- Task to complete:
Set out word for word the line that contains "Some of the text" and each line after it, through the end of the data below, but exclude the pictures.

[Excerpted data Boundary: Start]

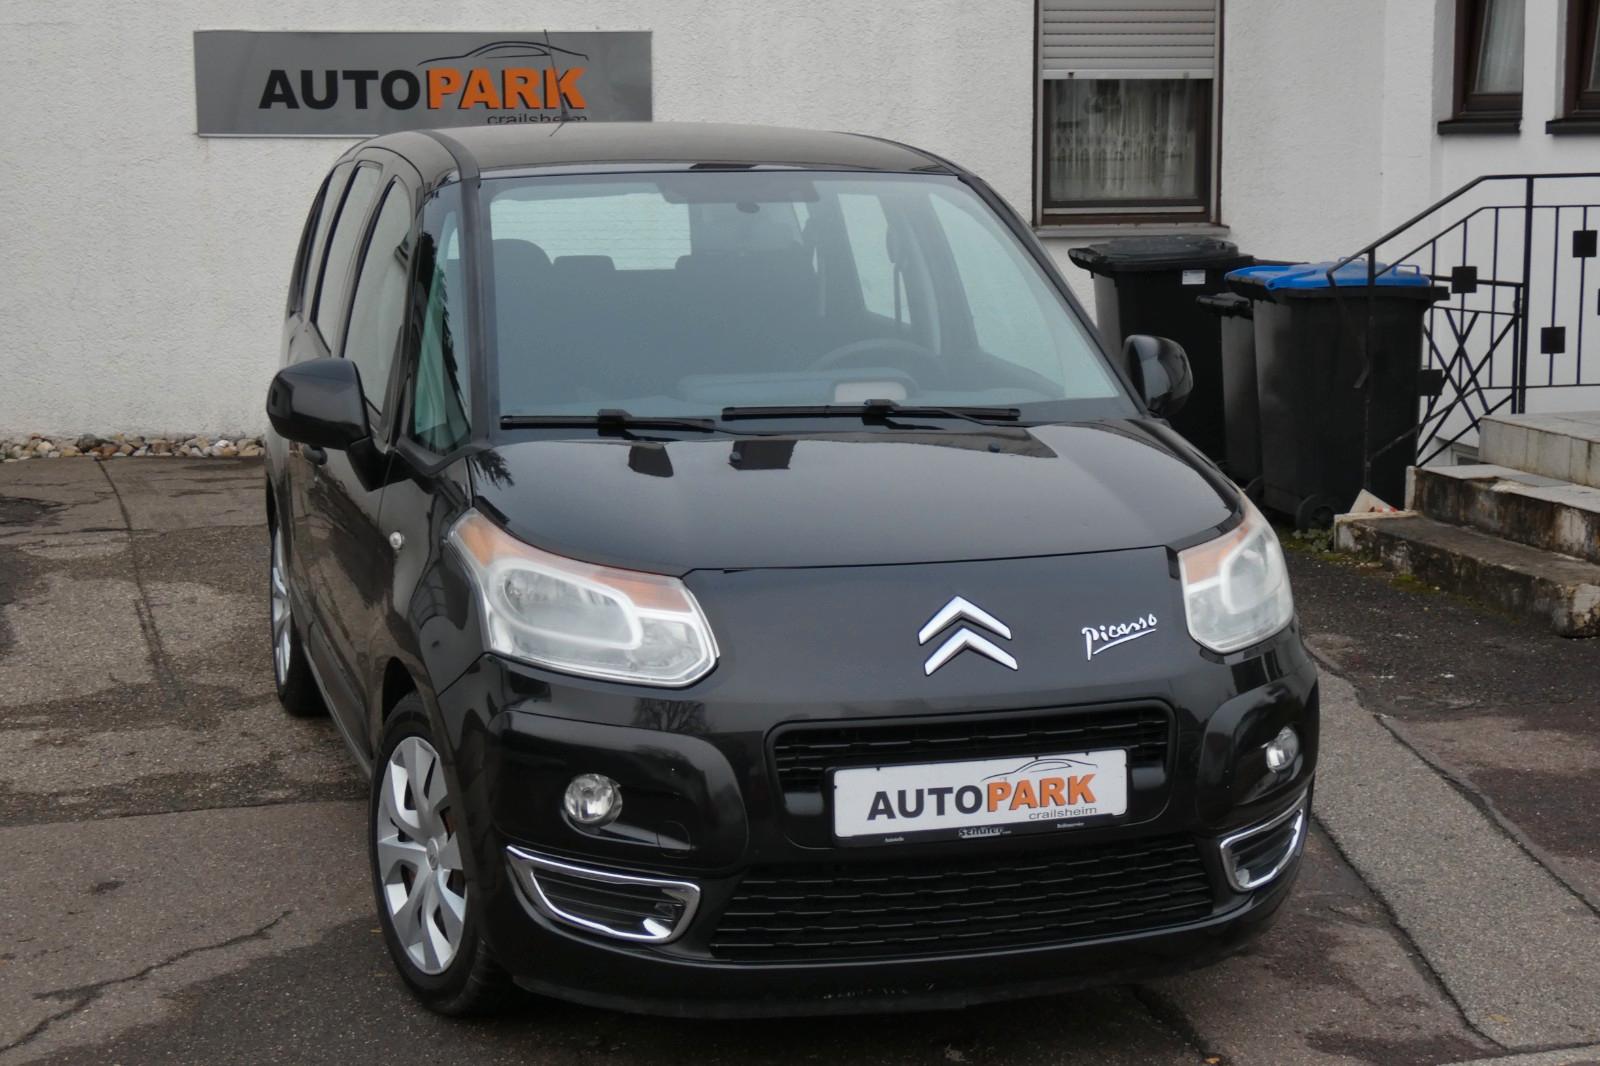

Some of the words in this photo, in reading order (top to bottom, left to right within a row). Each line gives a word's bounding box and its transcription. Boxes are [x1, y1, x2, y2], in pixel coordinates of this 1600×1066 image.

[258, 67, 587, 110] AUTOPARK
[867, 773, 1096, 821] AUTOPARK
[1028, 806, 1097, 820] crailsheim
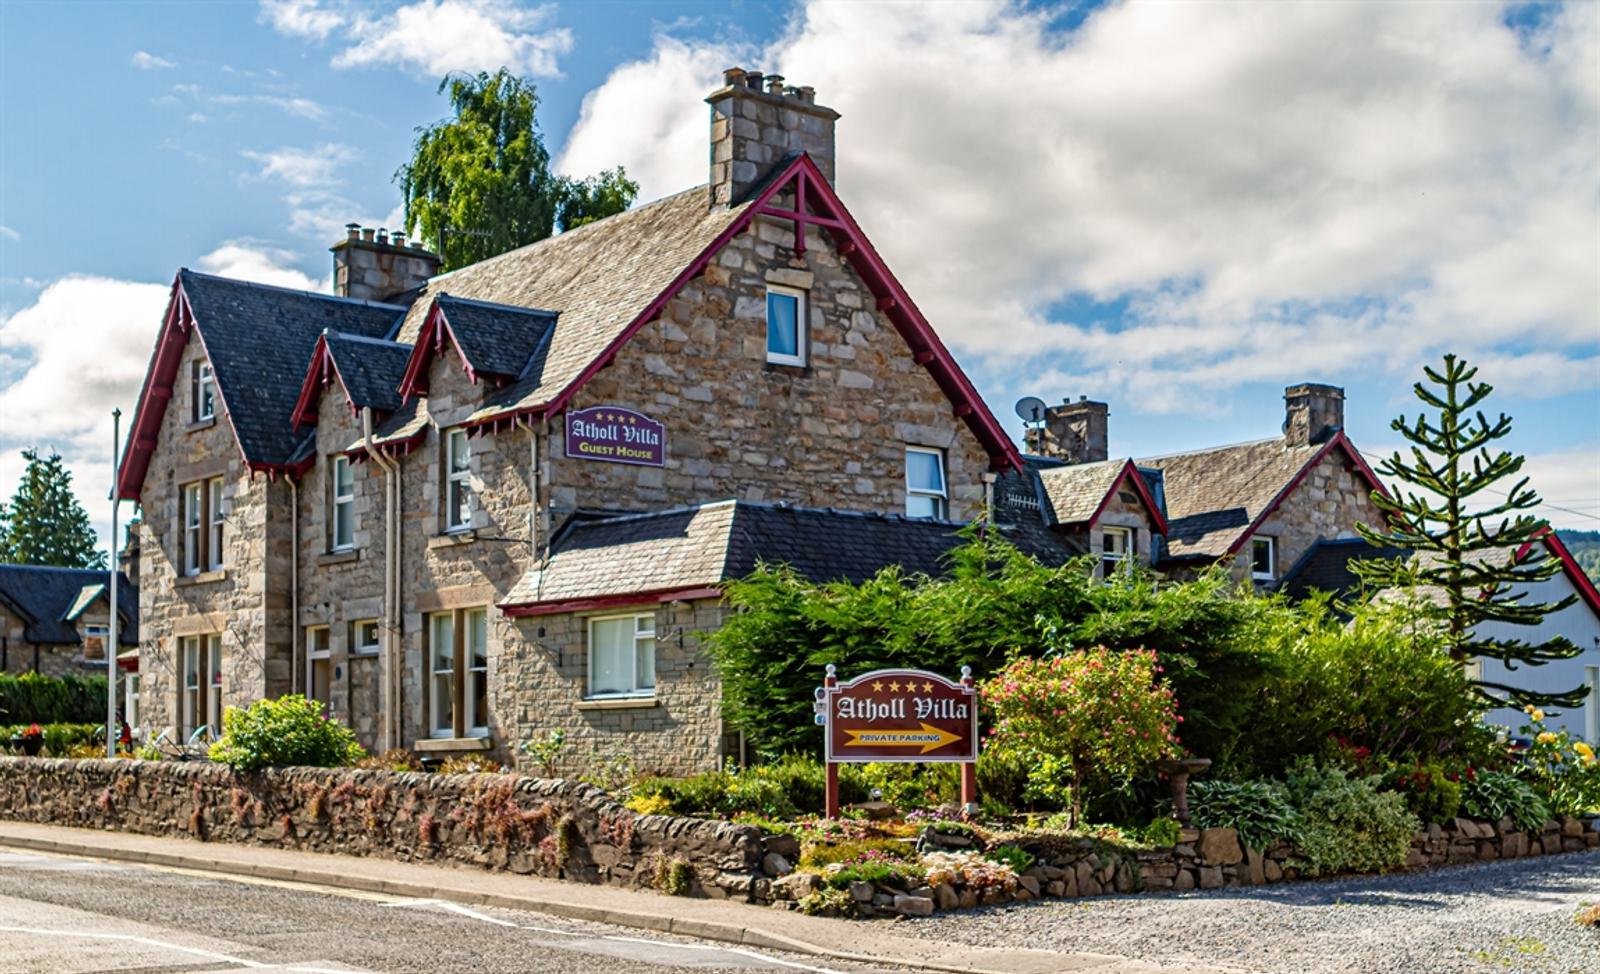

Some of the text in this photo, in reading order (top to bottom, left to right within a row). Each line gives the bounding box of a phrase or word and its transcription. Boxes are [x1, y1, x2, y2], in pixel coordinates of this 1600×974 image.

[572, 419, 659, 445] Atholl Villa
[579, 442, 653, 459] GUEST HOUSE
[837, 696, 968, 723] Atholl Villa
[859, 734, 940, 743] PRIVATE PARKING
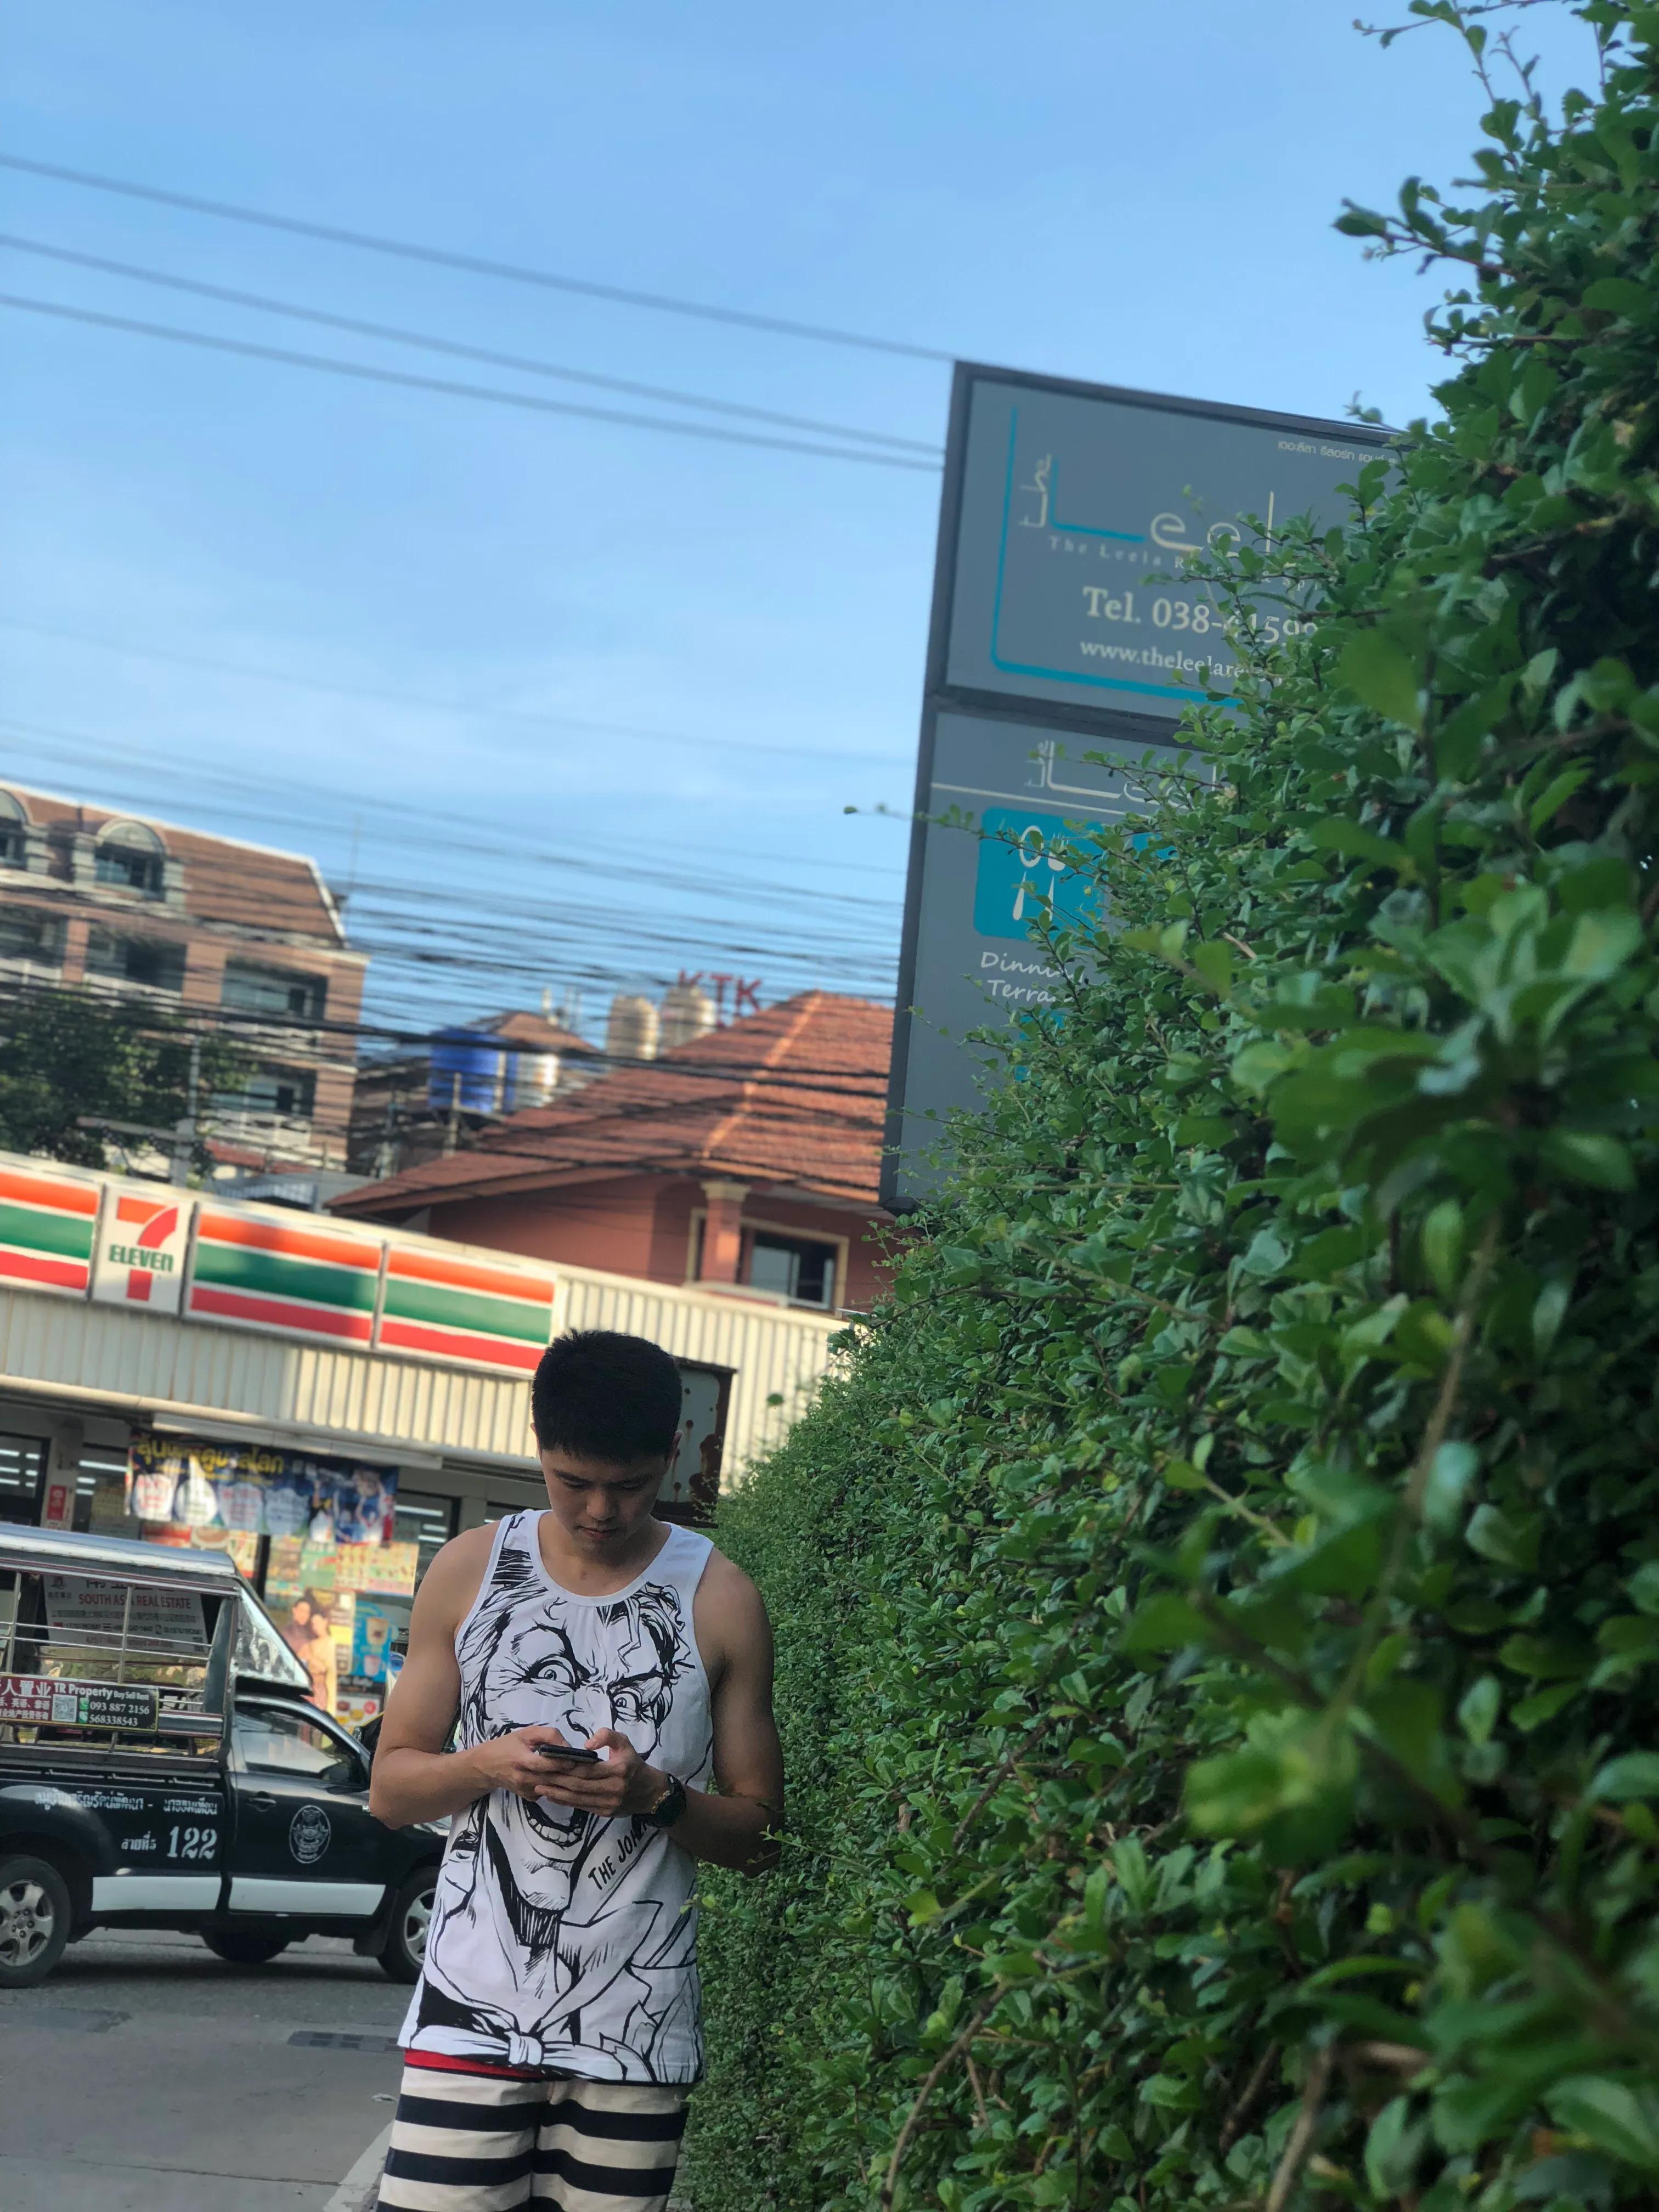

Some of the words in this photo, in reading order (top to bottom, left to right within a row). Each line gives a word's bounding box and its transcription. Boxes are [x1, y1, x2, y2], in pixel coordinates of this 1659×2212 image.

[1048, 456, 1296, 568] Leel
[1049, 534, 1087, 554] The
[1099, 543, 1162, 566] Leela
[1082, 585, 1142, 624] Tel.
[987, 979, 1075, 1003] Terra
[78, 1593, 110, 1605] SOUTH
[137, 1595, 159, 1607] REAL
[161, 1596, 191, 1609] ESTATE
[0, 1679, 52, 1699] 人置业
[54, 1682, 66, 1694] TR
[69, 1684, 115, 1700] Property
[126, 1691, 136, 1700] Sell
[137, 1692, 149, 1700] Rent
[90, 1701, 107, 1711] 093
[109, 1702, 126, 1712] 887
[128, 1705, 150, 1714] 2156
[89, 1714, 138, 1726] 568338543
[167, 1826, 218, 1859] 122
[588, 1855, 617, 1891] THE

[Excerpted data Boundary: End]

- Expected answer:
Some of the text in this photo, in reading order (top to bottom, left to right within a row). Each line gives the bounding box of a phrase or word and its transcription. Boxes are [x1, y1, x2, y2], in pixel coordinates of this 1600×974 image.

[572, 419, 659, 445] Atholl Villa
[579, 442, 653, 459] GUEST HOUSE
[837, 696, 968, 723] Atholl Villa
[859, 734, 940, 743] PRIVATE PARKING

Some of the words in this photo, in reading order (top to bottom, left to right within a row). Each line gives a word's bounding box and its transcription. Boxes are [x1, y1, x2, y2], in pixel coordinates of this 1659×2212 image.

[1048, 456, 1296, 568] Leel
[1049, 534, 1087, 554] The
[1099, 543, 1162, 566] Leela
[1082, 585, 1142, 624] Tel.
[987, 979, 1075, 1003] Terra
[78, 1593, 110, 1605] SOUTH
[137, 1595, 159, 1607] REAL
[161, 1596, 191, 1609] ESTATE
[0, 1679, 52, 1699] 人置业
[54, 1682, 66, 1694] TR
[69, 1684, 115, 1700] Property
[126, 1691, 136, 1700] Sell
[137, 1692, 149, 1700] Rent
[90, 1701, 107, 1711] 093
[109, 1702, 126, 1712] 887
[128, 1705, 150, 1714] 2156
[89, 1714, 138, 1726] 568338543
[167, 1826, 218, 1859] 122
[588, 1855, 617, 1891] THE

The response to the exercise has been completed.